Gorky: A political trial under Articles 70 & 72. March-April 1970 (13.3)

«No 13 : 30 April 1970»

On 25 March hearings began at the Gorky Region Court into the case of three graduates of Gorky University (CCE 11.15, item 13) — Mikhail Kapranov, S[ergei] Ponomaryov, Vladimir Zhiltsov — and Vladlen Pavlenkov, a history lecturer at the same institution (CCE 12.4). They were accused under Articles 70 and 72 of the Russian Criminal Code (anti-Soviet agitation and organised activities with this end in view).

The Chairman of the court was Kharitonov; Procurator [prosecutor] — G. Kolesnikov

Counsel for the defence — Pozdeyev (for Ponomaryov), Dobuzhsky (for Zhiltsov)

Kapranov and Pavlenkov declined the services of a defence counsel.

A Closed Trial

The trial was declared closed. Only Kapranov’s mother, Ponomaryov’s mother, Pavlenkov’s father and Zhiltsov’s sister were admitted to the hearing. The prisoners’ wives were not permitted to be present. Basing his arguments on the appropriate article of the Criminal Procedure Code, Pavlenkov demonstrated the illegality of this procedure in the case before the court and demanded that all the trial materials be made public. The other prisoners and the defence counsels supported Pavlenkov’s statement. The court refused to accept both the protests of the prisoners and the submissions of the defence counsels.

The accused

S[ergei] Ponomaryov was questioned first. He was accused of anti-Soviet agitation by means of samizdat literature, of producing flyers and sticking them up about the city, and of attempting to set up an organisation. During the preliminary investigation, confirmation of the charges and evidence concerning the “leading part” played by Pavlenkov, had been successfully extracted from him. In court he withdrew much of his evidence and stated that he regretted nothing. As previously, he protested against the renascence of Stalinism, against the authorities’ persecution of people on the grounds of their convictions and against the sending of forces into Czechoslovakia. He demanded that the “Raskolnikov Letter [1], with the authorship of which he was charged, should be read out in court.
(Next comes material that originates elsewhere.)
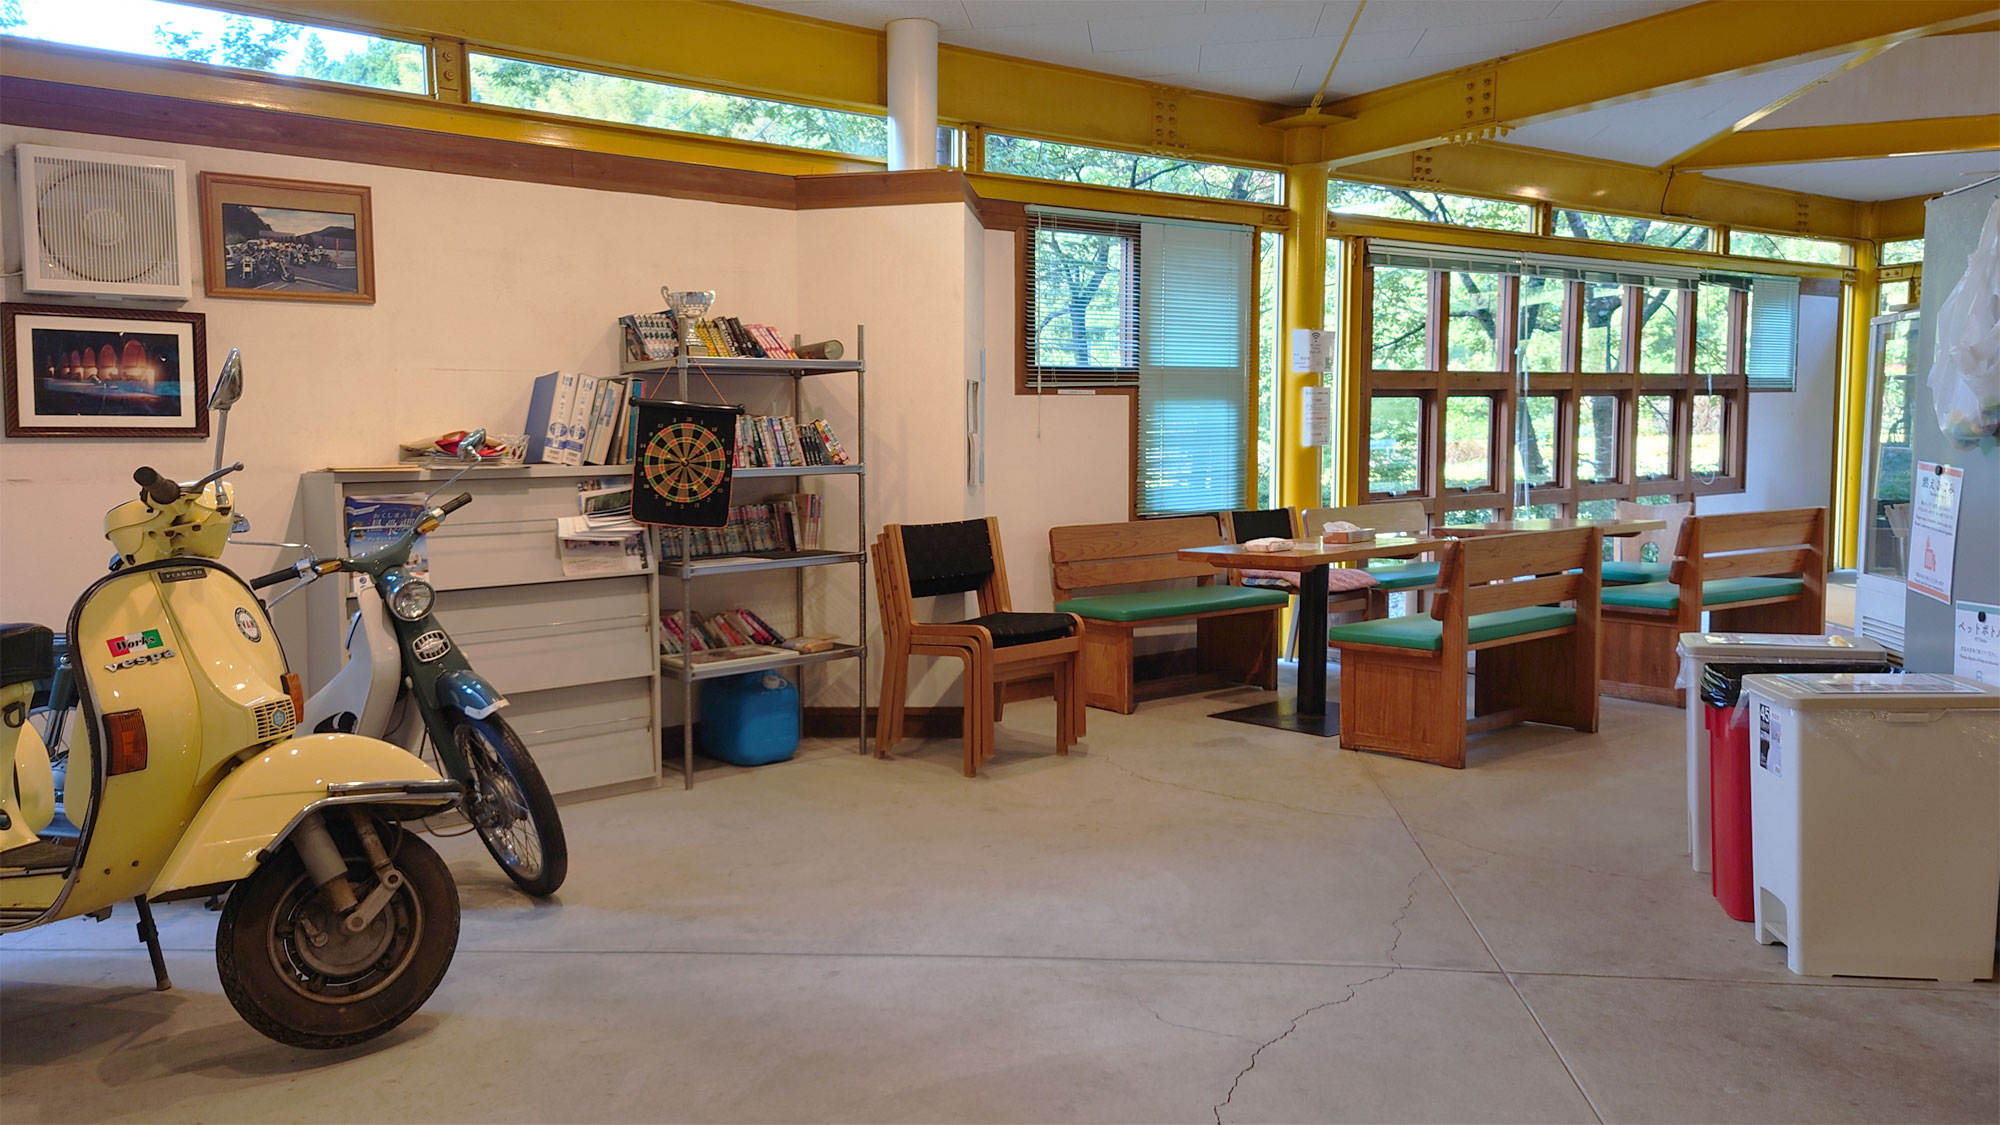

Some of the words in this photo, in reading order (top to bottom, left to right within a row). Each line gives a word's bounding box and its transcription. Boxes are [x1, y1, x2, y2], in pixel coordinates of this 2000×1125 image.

[115, 635, 157, 651] Works
[104, 648, 176, 673] vespa
[1760, 704, 1770, 723] 45
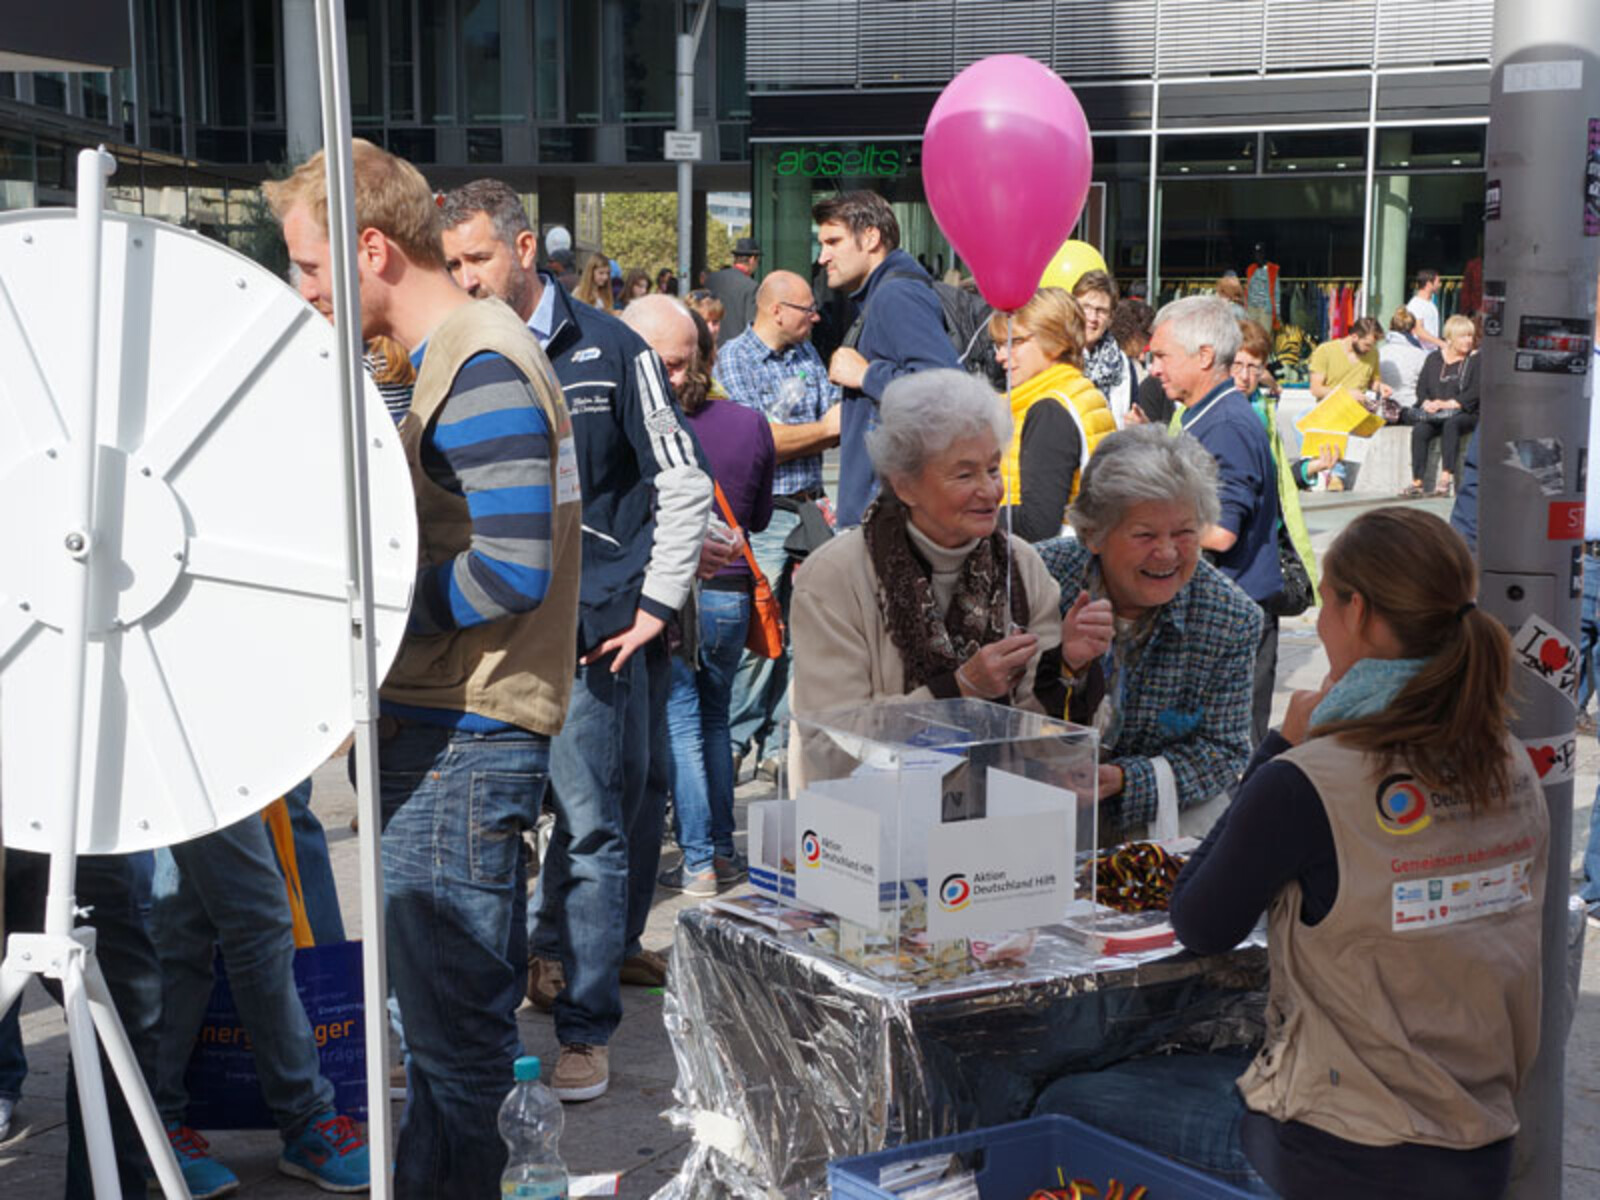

The 22-year-old Vladimir Zhiltsov was accused of disseminating samizdat works among the students of Gorky University and of attempting to set up an organisation. He stated that the charges were unfounded, denying Pavlenkov‘s “leading part” in the setting up of an organisation and expressing no regret for his dissenting thoughts.

Mikhail Kapranov (25 years old and the father of two children) faced the same charges as Ponomaryov. In addition, he was accused of making a statement in defence of the Crimean Tatars, deprived of their homeland, during the investigation and a protest against the persecution of believers for their religious beliefs.

In court Kapranov stated that he had not indulged in anti-Soviet activities, but only spoken out against infringements of legality and of constitutional norms. He said further that he regarded political trials as illegal, also the fact that the public was kept ignorant of them, and that he saw in this signs of the renascence of Stalinism. He reminded the court that in Stalin’s time 15 million of the most socially active citizens had been locked up in prisons and camps. He admitted authorship of the text of the leaflets and total responsibility for their dissemination. Kapranov denied altogether Pavlenkov‘s complicity, in the charges made against him (Kapranov). He stated that he considered this particular court to have no legal standing.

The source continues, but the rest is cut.